For the listing below, report all lines that hold the word "COMPOSE".

........

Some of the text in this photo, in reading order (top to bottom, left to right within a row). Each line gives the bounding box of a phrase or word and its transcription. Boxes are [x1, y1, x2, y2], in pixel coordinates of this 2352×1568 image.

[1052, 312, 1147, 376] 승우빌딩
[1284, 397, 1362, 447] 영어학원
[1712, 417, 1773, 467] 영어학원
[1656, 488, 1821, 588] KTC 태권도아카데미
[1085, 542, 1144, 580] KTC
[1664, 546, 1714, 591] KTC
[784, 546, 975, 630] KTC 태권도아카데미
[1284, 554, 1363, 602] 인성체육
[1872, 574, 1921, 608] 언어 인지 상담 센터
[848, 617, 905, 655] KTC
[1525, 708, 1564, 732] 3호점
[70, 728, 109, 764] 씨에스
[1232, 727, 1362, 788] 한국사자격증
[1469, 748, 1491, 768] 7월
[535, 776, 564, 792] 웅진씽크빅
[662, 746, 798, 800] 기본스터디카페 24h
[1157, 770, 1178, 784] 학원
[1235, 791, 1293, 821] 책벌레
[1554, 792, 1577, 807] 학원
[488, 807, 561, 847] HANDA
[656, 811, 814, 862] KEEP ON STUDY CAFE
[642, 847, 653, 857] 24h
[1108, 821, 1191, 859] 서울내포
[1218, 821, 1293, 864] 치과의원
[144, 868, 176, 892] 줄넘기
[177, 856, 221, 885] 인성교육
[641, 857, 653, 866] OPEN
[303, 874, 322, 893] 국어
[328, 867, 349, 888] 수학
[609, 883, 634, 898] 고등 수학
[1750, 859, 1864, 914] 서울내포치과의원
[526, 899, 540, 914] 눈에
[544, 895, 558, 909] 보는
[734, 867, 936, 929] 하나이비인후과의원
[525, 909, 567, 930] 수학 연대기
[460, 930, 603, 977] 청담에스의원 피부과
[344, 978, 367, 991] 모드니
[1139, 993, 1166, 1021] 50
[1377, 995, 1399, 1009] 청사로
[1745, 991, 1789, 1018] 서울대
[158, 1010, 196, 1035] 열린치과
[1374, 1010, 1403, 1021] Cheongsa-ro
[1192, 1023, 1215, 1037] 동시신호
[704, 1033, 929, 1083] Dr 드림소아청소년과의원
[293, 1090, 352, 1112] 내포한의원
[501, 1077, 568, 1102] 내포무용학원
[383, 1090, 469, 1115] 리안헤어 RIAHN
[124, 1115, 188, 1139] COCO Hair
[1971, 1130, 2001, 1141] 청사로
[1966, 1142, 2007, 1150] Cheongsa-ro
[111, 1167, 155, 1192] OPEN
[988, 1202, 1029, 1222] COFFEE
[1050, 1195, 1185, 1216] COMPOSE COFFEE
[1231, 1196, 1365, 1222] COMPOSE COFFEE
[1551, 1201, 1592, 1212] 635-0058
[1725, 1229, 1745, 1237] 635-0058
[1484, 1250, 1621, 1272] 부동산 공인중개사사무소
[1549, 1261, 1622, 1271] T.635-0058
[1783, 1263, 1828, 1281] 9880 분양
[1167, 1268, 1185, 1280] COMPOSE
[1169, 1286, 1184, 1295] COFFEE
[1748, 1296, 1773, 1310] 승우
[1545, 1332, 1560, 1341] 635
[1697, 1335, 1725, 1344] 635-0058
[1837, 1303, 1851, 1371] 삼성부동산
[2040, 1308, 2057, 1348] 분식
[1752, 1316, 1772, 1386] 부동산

........

• [Exercise solution]:
[1050, 1195, 1185, 1216] COMPOSE COFFEE
[1231, 1196, 1365, 1222] COMPOSE COFFEE
[1167, 1268, 1185, 1280] COMPOSE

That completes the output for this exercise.